High positive rate of change of frequency might be a reason to disconnect generation to prevent oscillation (effectively acting as the "D" term in a pid loop), but did this occur?
Many Important plants and transmission lines are connected by a utilities own fiber which can be used to transmit the actual state of the system instead of trying to infer it from the power waveforms. This is the best solution but obviously expensive.
Uncontrolled decentralized embedded generation is not meant to ever energize a dead line. If it has a solid state power electronics interface to inject power (a fancy inverter) it is probably operating in a mode where it follows the waveform on the grid to make sure it stays in phase. If the grid waveform is poor quality, full of harmonics due to faults, or phase shifts due to major loads or generation disappearing resulting in instantly changing power flows, the inverter can’t stay in phase. It is probably a delicate balancing act to be able to follow the grid frequency but also affect it by injecting active and reactive power. I’m not an inverter guy so this is mostly speculation from reading data sheets and manuals for grid tie small battery systems.
Not sure about rocof tripping generation on falling frequency. There are situations in which injecting power in to an island can result in overvoltages that would damage all of the equipment on the island, so it is better to avoid it if it looks like an island might be forming.
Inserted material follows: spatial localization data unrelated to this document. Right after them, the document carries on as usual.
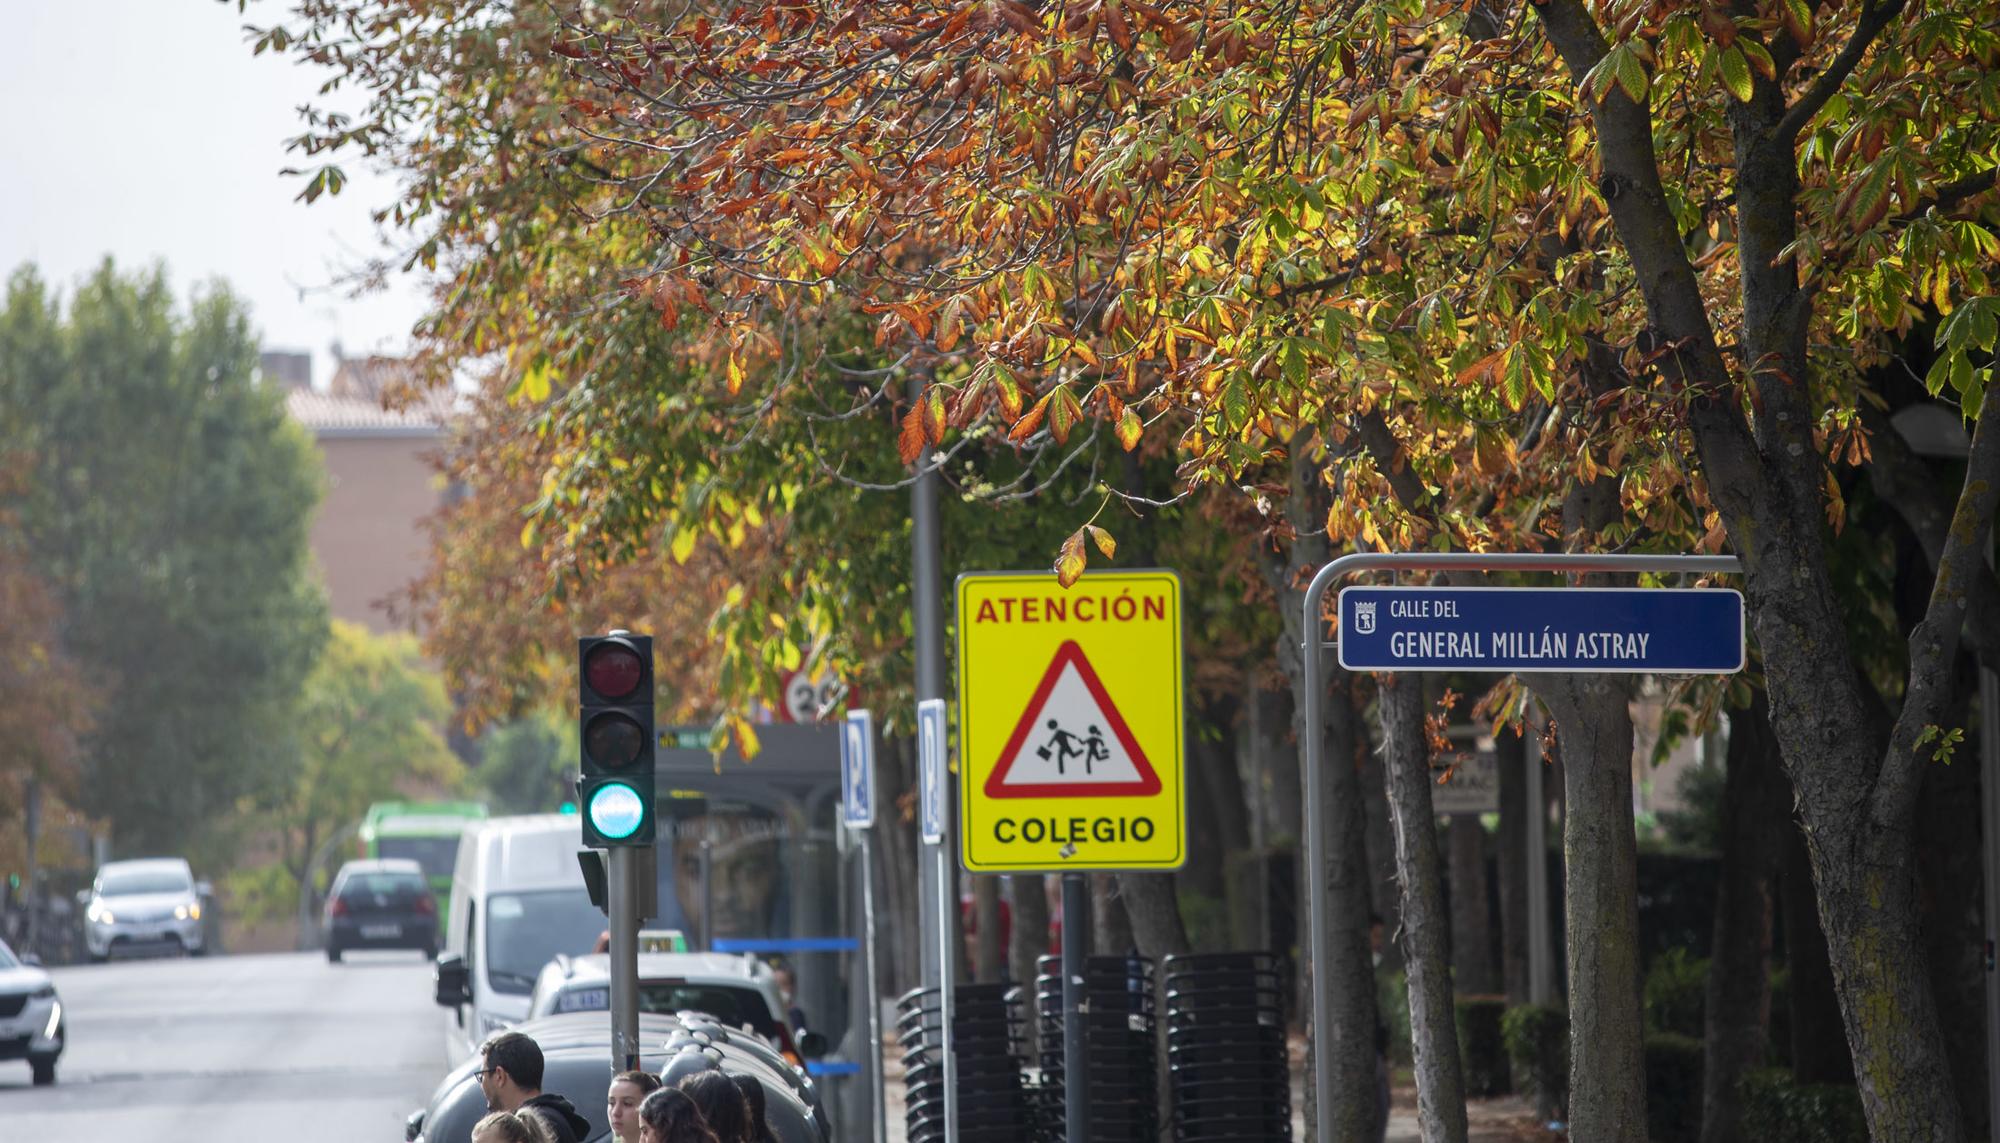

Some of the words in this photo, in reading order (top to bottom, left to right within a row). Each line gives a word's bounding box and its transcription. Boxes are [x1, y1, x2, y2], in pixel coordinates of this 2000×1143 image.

[975, 588, 1166, 623] ATENCIÓN
[1390, 600, 1430, 618] CALLE
[1433, 601, 1460, 618] DEL
[1390, 631, 1486, 658] GENERAL
[1492, 625, 1567, 658] MILLÁN
[1574, 633, 1650, 659] ASTRAY
[993, 816, 1155, 844] COLEGIO
Just a guess based on experience with an embedded steam turbine.
There could have been a very short increase in frequency for the 80ms or 4-5 cycles when the single phase to ground fault occurred as faults cause machines to accelerate since it is the same as removing the load and replacing with a short circuit. Otherwise the only increase in frequency was when it started to recover by the system operator calling for more generation.
"not be expected to trip off or de-load in response to a lightning strike. This therefore appears to represent an extremely rare and unexpected event."
Looking at the timeline, both of those events are logged within 1 second of the strike. To me, with even a little bit of experience with systems having complex interacting components, it seems vastly more likely that there is some unknown interaction rather than pure chance. I would imagine the prior probability of either of those two going offline is very low, so the probability of both independently going offline within one second of a potential causal event seems vanishingly small.
On the other hand, by releasing publicly the internal findings of the involved power companies can be scrutinized by academics, independent engineers and members of the public.